THE MORAL TRAINING GIVEN BY THE SCHOOL COMMUNITY II
THE MORAL TRAINING GIVEN BY THE SCHOOL COMMUNITY

Contents

There cannot be two sets of ethical principles, one for life in the school, and the other for life outside of the school. As conduct is one, so also the principles of conduct are one. The tendency to discuss the morals of the school as if the school were an institution by itself is highly unfortunate. The moral responsibility of the school, and of those who conduct it, is to society. The school is fundamentally an institution erected by society to do a certain specific work,—to exercise a certain specific function in maintaining the life and advancing the welfare of society. The educational system which does not recognize that this fact entails upon it an ethical responsibility is derelict and a defaulter. It is not doing what it was called into existence to do, and what it pretends to do. Hence the entire structure of the school in general and its concrete workings in particular need to be considered from time to time with reference to the social position and function of the school.

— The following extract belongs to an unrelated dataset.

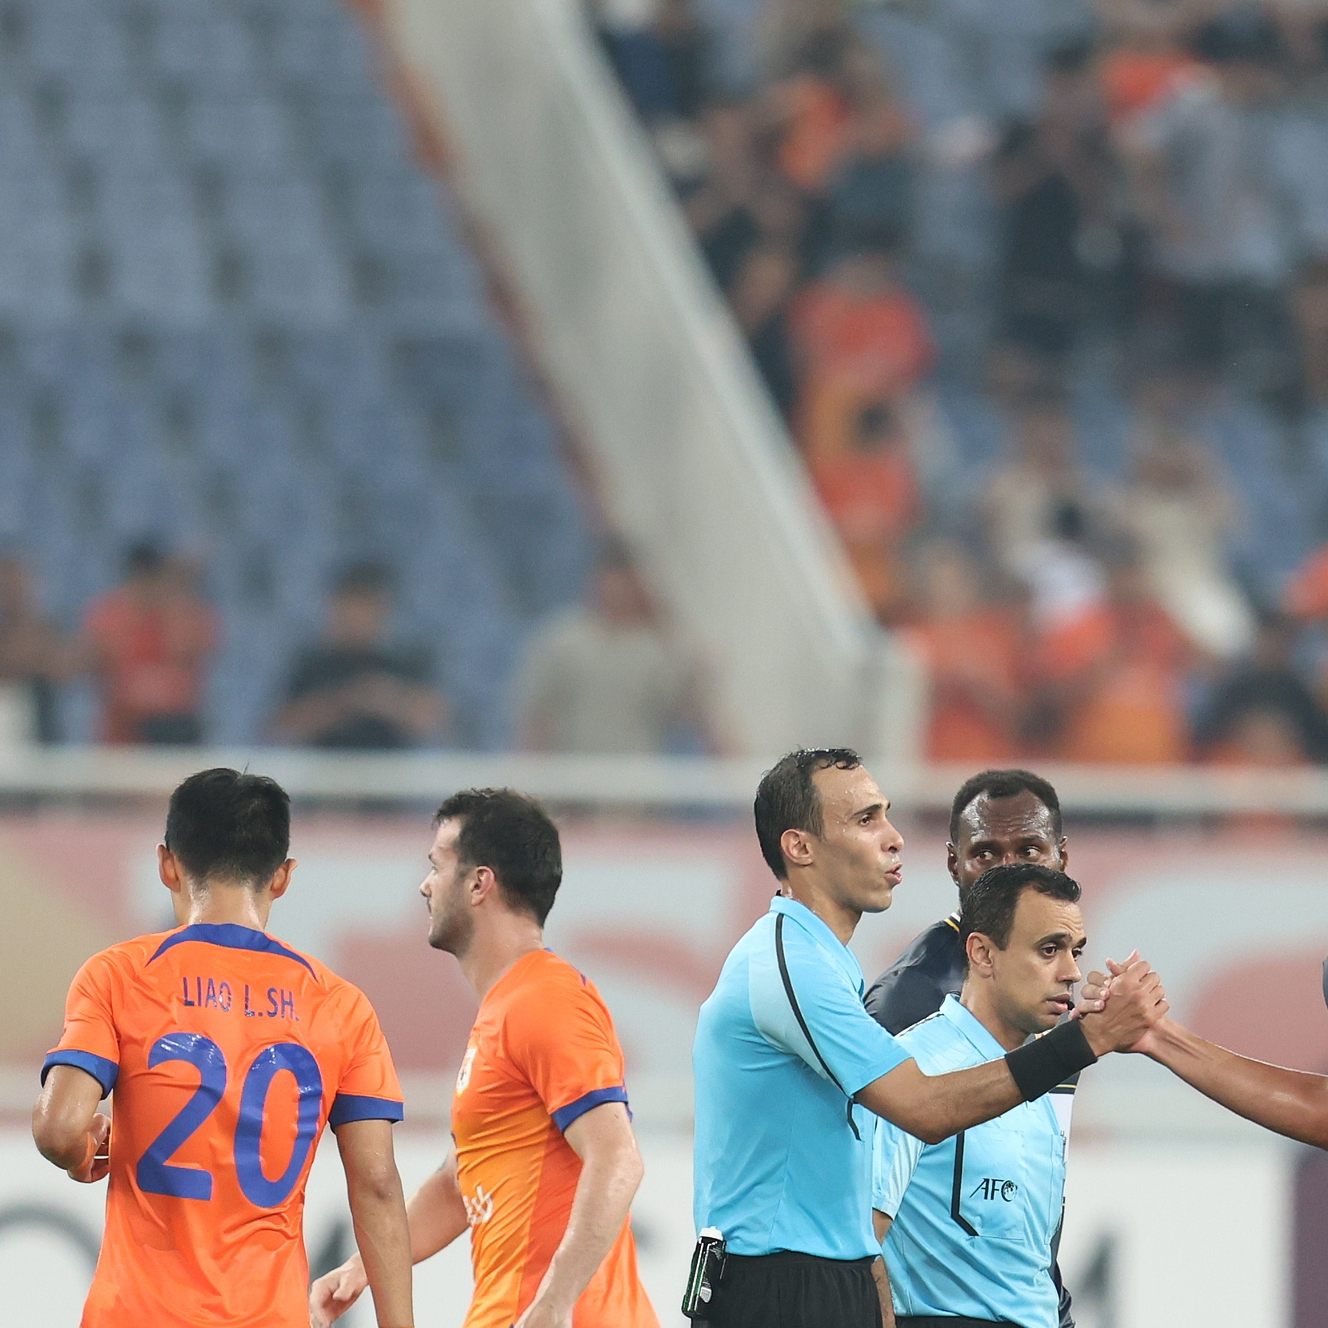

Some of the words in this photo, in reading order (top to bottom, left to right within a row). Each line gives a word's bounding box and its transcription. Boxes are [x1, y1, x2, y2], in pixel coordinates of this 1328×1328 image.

The idea that the moral work and worth of the public school system as a whole are to be measured by its social value is, indeed, a familiar notion. However, it is frequently taken in too limited and rigid a way. The social work of the school is often limited to training for citizenship, and citizenship is then interpreted in a narrow sense as meaning capacity to vote intelligently, disposition to obey laws, etc. But it is futile to contract and cramp the ethical responsibility of the school in this way. The child is one, and he must either live his social life as an integral unified being, or suffer loss and create friction. To pick out one of the many social relations which the child bears, and to define the work of the school by that alone, is like instituting a vast and complicated system of physical exercise which would have for its object simply the development of the lungs and the power of breathing, independent of other organs and functions. The child is an organic whole, intellectually, socially, and morally, as well as physically. We must take the child as a member of society in the broadest sense, and demand for and from the schools whatever is necessary to enable the child intelligently to recognize all his social relations and take his part in sustaining them.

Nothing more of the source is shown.